**Free-text object descriptions**
=== Section Start ===

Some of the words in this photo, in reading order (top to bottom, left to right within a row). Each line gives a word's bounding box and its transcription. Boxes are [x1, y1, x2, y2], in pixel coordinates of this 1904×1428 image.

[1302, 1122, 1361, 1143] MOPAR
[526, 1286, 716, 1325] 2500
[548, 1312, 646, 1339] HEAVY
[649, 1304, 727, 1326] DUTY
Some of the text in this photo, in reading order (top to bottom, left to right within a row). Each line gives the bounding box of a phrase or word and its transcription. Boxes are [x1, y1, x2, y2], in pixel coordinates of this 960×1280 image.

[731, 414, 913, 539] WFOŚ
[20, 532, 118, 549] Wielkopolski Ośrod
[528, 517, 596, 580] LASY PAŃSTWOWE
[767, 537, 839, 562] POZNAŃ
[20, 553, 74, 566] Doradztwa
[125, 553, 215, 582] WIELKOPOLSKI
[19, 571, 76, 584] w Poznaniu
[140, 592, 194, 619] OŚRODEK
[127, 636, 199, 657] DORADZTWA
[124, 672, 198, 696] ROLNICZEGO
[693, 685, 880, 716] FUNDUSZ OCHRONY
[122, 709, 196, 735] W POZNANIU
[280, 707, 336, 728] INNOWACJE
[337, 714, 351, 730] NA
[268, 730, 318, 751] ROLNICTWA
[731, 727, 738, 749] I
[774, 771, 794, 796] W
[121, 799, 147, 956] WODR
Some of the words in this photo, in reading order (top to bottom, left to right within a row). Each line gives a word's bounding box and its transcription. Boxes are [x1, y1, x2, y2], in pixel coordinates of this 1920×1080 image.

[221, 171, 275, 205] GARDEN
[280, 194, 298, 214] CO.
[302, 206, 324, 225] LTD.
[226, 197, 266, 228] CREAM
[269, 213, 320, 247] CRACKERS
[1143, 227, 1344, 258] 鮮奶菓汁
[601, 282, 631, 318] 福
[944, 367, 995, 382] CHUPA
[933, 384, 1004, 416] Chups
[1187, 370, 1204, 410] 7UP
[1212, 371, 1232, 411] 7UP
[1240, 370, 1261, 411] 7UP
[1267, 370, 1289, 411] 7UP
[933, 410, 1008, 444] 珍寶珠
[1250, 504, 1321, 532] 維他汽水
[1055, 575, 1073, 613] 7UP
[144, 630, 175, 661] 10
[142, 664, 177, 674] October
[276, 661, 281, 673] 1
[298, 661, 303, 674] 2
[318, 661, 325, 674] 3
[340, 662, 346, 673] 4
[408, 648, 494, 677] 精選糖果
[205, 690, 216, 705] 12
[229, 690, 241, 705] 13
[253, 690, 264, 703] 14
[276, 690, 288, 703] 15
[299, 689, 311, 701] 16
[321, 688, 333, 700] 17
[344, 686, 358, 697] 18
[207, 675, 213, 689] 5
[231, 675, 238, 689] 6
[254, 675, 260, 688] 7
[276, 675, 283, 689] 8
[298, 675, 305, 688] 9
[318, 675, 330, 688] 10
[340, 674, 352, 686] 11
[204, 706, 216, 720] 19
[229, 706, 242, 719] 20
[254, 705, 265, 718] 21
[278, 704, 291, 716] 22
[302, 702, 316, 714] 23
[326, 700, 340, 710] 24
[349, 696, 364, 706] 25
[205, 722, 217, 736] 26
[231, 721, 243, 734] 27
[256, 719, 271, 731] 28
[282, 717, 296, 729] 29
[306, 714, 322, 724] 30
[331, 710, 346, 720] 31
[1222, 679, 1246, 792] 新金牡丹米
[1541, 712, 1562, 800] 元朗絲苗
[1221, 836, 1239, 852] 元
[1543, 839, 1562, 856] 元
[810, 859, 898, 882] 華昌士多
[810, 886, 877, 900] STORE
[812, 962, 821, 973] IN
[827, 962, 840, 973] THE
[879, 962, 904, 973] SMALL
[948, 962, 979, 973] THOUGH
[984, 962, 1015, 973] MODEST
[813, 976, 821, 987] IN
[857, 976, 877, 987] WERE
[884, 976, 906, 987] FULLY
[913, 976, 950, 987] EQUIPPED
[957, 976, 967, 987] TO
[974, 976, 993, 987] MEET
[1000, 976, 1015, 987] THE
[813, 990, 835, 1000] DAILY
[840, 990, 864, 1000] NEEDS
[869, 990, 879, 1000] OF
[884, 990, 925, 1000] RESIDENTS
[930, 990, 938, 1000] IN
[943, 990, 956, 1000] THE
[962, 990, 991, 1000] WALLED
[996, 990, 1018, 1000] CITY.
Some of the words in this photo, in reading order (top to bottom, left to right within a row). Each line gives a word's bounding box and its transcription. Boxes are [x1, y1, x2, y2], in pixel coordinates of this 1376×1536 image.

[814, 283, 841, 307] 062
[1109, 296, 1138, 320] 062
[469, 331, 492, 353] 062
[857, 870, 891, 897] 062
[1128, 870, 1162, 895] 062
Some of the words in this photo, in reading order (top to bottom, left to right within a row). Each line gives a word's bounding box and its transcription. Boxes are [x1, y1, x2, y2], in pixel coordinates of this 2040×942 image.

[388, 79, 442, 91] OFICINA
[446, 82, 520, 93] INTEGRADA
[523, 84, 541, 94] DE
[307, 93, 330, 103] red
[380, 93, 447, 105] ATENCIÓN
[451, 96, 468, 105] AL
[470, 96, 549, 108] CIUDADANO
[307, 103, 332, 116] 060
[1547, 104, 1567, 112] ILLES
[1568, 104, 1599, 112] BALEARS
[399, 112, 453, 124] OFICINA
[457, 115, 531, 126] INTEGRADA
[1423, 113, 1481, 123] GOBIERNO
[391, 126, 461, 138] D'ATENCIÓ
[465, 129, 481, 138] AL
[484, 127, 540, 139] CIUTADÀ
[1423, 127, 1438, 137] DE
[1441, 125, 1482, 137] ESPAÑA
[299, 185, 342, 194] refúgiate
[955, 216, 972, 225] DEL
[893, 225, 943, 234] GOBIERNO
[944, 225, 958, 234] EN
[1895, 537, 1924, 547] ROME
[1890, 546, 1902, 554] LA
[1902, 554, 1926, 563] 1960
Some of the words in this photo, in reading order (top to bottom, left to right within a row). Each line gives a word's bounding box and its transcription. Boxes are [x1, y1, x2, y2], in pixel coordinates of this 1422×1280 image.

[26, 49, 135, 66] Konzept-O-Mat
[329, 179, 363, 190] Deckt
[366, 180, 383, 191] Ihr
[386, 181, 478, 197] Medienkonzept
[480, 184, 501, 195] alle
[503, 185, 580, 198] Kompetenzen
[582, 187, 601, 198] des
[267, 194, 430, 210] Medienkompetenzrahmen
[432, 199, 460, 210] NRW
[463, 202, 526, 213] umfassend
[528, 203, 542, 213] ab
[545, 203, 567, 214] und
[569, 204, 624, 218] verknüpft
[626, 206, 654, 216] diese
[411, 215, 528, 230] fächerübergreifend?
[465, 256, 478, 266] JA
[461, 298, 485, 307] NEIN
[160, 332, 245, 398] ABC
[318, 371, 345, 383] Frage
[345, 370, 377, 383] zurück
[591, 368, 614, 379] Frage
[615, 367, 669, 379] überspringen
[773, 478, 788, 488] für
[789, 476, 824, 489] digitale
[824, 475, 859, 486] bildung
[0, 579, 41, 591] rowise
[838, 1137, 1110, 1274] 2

=== Section End ===

**Task requirements**
Reproduce each entry word for word.

**Task response**
Some of the words in this photo, in reading order (top to bottom, left to right within a row). Each line gives a word's bounding box and its transcription. Boxes are [x1, y1, x2, y2], in pixel coordinates of this 1904×1428 image.

[1302, 1122, 1361, 1143] MOPAR
[526, 1286, 716, 1325] 2500
[548, 1312, 646, 1339] HEAVY
[649, 1304, 727, 1326] DUTY
Some of the text in this photo, in reading order (top to bottom, left to right within a row). Each line gives the bounding box of a phrase or word and its transcription. Boxes are [x1, y1, x2, y2], in pixel coordinates of this 960×1280 image.

[731, 414, 913, 539] WFOŚ
[20, 532, 118, 549] Wielkopolski Ośrod
[528, 517, 596, 580] LASY PAŃSTWOWE
[767, 537, 839, 562] POZNAŃ
[20, 553, 74, 566] Doradztwa
[125, 553, 215, 582] WIELKOPOLSKI
[19, 571, 76, 584] w Poznaniu
[140, 592, 194, 619] OŚRODEK
[127, 636, 199, 657] DORADZTWA
[124, 672, 198, 696] ROLNICZEGO
[693, 685, 880, 716] FUNDUSZ OCHRONY
[122, 709, 196, 735] W POZNANIU
[280, 707, 336, 728] INNOWACJE
[337, 714, 351, 730] NA
[268, 730, 318, 751] ROLNICTWA
[731, 727, 738, 749] I
[774, 771, 794, 796] W
[121, 799, 147, 956] WODR
Some of the words in this photo, in reading order (top to bottom, left to right within a row). Each line gives a word's bounding box and its transcription. Boxes are [x1, y1, x2, y2], in pixel coordinates of this 1920×1080 image.

[221, 171, 275, 205] GARDEN
[280, 194, 298, 214] CO.
[302, 206, 324, 225] LTD.
[226, 197, 266, 228] CREAM
[269, 213, 320, 247] CRACKERS
[1143, 227, 1344, 258] 鮮奶菓汁
[601, 282, 631, 318] 福
[944, 367, 995, 382] CHUPA
[933, 384, 1004, 416] Chups
[1187, 370, 1204, 410] 7UP
[1212, 371, 1232, 411] 7UP
[1240, 370, 1261, 411] 7UP
[1267, 370, 1289, 411] 7UP
[933, 410, 1008, 444] 珍寶珠
[1250, 504, 1321, 532] 維他汽水
[1055, 575, 1073, 613] 7UP
[144, 630, 175, 661] 10
[142, 664, 177, 674] October
[276, 661, 281, 673] 1
[298, 661, 303, 674] 2
[318, 661, 325, 674] 3
[340, 662, 346, 673] 4
[408, 648, 494, 677] 精選糖果
[205, 690, 216, 705] 12
[229, 690, 241, 705] 13
[253, 690, 264, 703] 14
[276, 690, 288, 703] 15
[299, 689, 311, 701] 16
[321, 688, 333, 700] 17
[344, 686, 358, 697] 18
[207, 675, 213, 689] 5
[231, 675, 238, 689] 6
[254, 675, 260, 688] 7
[276, 675, 283, 689] 8
[298, 675, 305, 688] 9
[318, 675, 330, 688] 10
[340, 674, 352, 686] 11
[204, 706, 216, 720] 19
[229, 706, 242, 719] 20
[254, 705, 265, 718] 21
[278, 704, 291, 716] 22
[302, 702, 316, 714] 23
[326, 700, 340, 710] 24
[349, 696, 364, 706] 25
[205, 722, 217, 736] 26
[231, 721, 243, 734] 27
[256, 719, 271, 731] 28
[282, 717, 296, 729] 29
[306, 714, 322, 724] 30
[331, 710, 346, 720] 31
[1222, 679, 1246, 792] 新金牡丹米
[1541, 712, 1562, 800] 元朗絲苗
[1221, 836, 1239, 852] 元
[1543, 839, 1562, 856] 元
[810, 859, 898, 882] 華昌士多
[810, 886, 877, 900] STORE
[812, 962, 821, 973] IN
[827, 962, 840, 973] THE
[879, 962, 904, 973] SMALL
[948, 962, 979, 973] THOUGH
[984, 962, 1015, 973] MODEST
[813, 976, 821, 987] IN
[857, 976, 877, 987] WERE
[884, 976, 906, 987] FULLY
[913, 976, 950, 987] EQUIPPED
[957, 976, 967, 987] TO
[974, 976, 993, 987] MEET
[1000, 976, 1015, 987] THE
[813, 990, 835, 1000] DAILY
[840, 990, 864, 1000] NEEDS
[869, 990, 879, 1000] OF
[884, 990, 925, 1000] RESIDENTS
[930, 990, 938, 1000] IN
[943, 990, 956, 1000] THE
[962, 990, 991, 1000] WALLED
[996, 990, 1018, 1000] CITY.
Some of the words in this photo, in reading order (top to bottom, left to right within a row). Each line gives a word's bounding box and its transcription. Boxes are [x1, y1, x2, y2], in pixel coordinates of this 1376×1536 image.

[814, 283, 841, 307] 062
[1109, 296, 1138, 320] 062
[469, 331, 492, 353] 062
[857, 870, 891, 897] 062
[1128, 870, 1162, 895] 062
Some of the words in this photo, in reading order (top to bottom, left to right within a row). Each line gives a word's bounding box and its transcription. Boxes are [x1, y1, x2, y2], in pixel coordinates of this 2040×942 image.

[388, 79, 442, 91] OFICINA
[446, 82, 520, 93] INTEGRADA
[523, 84, 541, 94] DE
[307, 93, 330, 103] red
[380, 93, 447, 105] ATENCIÓN
[451, 96, 468, 105] AL
[470, 96, 549, 108] CIUDADANO
[307, 103, 332, 116] 060
[1547, 104, 1567, 112] ILLES
[1568, 104, 1599, 112] BALEARS
[399, 112, 453, 124] OFICINA
[457, 115, 531, 126] INTEGRADA
[1423, 113, 1481, 123] GOBIERNO
[391, 126, 461, 138] D'ATENCIÓ
[465, 129, 481, 138] AL
[484, 127, 540, 139] CIUTADÀ
[1423, 127, 1438, 137] DE
[1441, 125, 1482, 137] ESPAÑA
[299, 185, 342, 194] refúgiate
[955, 216, 972, 225] DEL
[893, 225, 943, 234] GOBIERNO
[944, 225, 958, 234] EN
[1895, 537, 1924, 547] ROME
[1890, 546, 1902, 554] LA
[1902, 554, 1926, 563] 1960
Some of the words in this photo, in reading order (top to bottom, left to right within a row). Each line gives a word's bounding box and its transcription. Boxes are [x1, y1, x2, y2], in pixel coordinates of this 1422×1280 image.

[26, 49, 135, 66] Konzept-O-Mat
[329, 179, 363, 190] Deckt
[366, 180, 383, 191] Ihr
[386, 181, 478, 197] Medienkonzept
[480, 184, 501, 195] alle
[503, 185, 580, 198] Kompetenzen
[582, 187, 601, 198] des
[267, 194, 430, 210] Medienkompetenzrahmen
[432, 199, 460, 210] NRW
[463, 202, 526, 213] umfassend
[528, 203, 542, 213] ab
[545, 203, 567, 214] und
[569, 204, 624, 218] verknüpft
[626, 206, 654, 216] diese
[411, 215, 528, 230] fächerübergreifend?
[465, 256, 478, 266] JA
[461, 298, 485, 307] NEIN
[160, 332, 245, 398] ABC
[318, 371, 345, 383] Frage
[345, 370, 377, 383] zurück
[591, 368, 614, 379] Frage
[615, 367, 669, 379] überspringen
[773, 478, 788, 488] für
[789, 476, 824, 489] digitale
[824, 475, 859, 486] bildung
[0, 579, 41, 591] rowise
[838, 1137, 1110, 1274] 2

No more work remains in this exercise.